*Assigned task:* Establish how many lines below contain the string "Colouring". Respond with that number alone.

*Materials provided:*

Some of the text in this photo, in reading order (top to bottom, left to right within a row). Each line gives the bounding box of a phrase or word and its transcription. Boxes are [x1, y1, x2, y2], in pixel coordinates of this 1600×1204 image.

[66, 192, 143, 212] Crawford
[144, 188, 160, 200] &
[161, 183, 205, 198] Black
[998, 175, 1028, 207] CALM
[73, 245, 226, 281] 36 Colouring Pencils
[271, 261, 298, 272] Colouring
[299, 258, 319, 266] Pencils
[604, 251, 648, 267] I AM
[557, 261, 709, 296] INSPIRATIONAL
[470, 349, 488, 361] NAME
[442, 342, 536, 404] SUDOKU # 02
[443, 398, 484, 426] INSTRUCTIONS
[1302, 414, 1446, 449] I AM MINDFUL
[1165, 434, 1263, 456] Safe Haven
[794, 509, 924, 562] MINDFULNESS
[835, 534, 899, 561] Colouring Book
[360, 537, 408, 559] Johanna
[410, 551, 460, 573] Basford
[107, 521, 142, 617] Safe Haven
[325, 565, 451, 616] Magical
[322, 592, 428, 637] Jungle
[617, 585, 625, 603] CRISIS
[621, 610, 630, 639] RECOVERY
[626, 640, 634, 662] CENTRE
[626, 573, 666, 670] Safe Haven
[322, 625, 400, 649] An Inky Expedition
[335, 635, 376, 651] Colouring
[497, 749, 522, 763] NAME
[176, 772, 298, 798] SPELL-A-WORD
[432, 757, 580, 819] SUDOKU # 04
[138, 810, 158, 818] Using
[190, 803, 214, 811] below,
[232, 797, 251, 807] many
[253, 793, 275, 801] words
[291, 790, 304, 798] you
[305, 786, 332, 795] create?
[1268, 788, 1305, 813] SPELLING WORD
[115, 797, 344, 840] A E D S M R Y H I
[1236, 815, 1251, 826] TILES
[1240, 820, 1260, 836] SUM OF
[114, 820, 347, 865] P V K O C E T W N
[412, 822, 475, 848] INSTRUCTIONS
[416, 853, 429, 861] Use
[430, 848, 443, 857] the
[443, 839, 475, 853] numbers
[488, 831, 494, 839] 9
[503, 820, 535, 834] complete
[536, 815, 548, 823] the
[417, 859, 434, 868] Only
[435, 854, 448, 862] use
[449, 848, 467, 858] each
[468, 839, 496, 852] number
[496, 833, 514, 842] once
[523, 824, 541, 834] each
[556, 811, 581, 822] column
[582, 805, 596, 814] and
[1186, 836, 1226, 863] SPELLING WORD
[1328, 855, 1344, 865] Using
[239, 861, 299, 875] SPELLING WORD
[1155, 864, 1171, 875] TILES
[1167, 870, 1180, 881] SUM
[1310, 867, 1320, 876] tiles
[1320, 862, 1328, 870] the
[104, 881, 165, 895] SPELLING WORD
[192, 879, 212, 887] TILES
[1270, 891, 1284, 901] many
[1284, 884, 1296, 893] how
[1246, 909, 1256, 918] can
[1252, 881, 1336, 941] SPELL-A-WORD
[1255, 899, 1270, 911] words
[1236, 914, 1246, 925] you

*Output for this task:* 4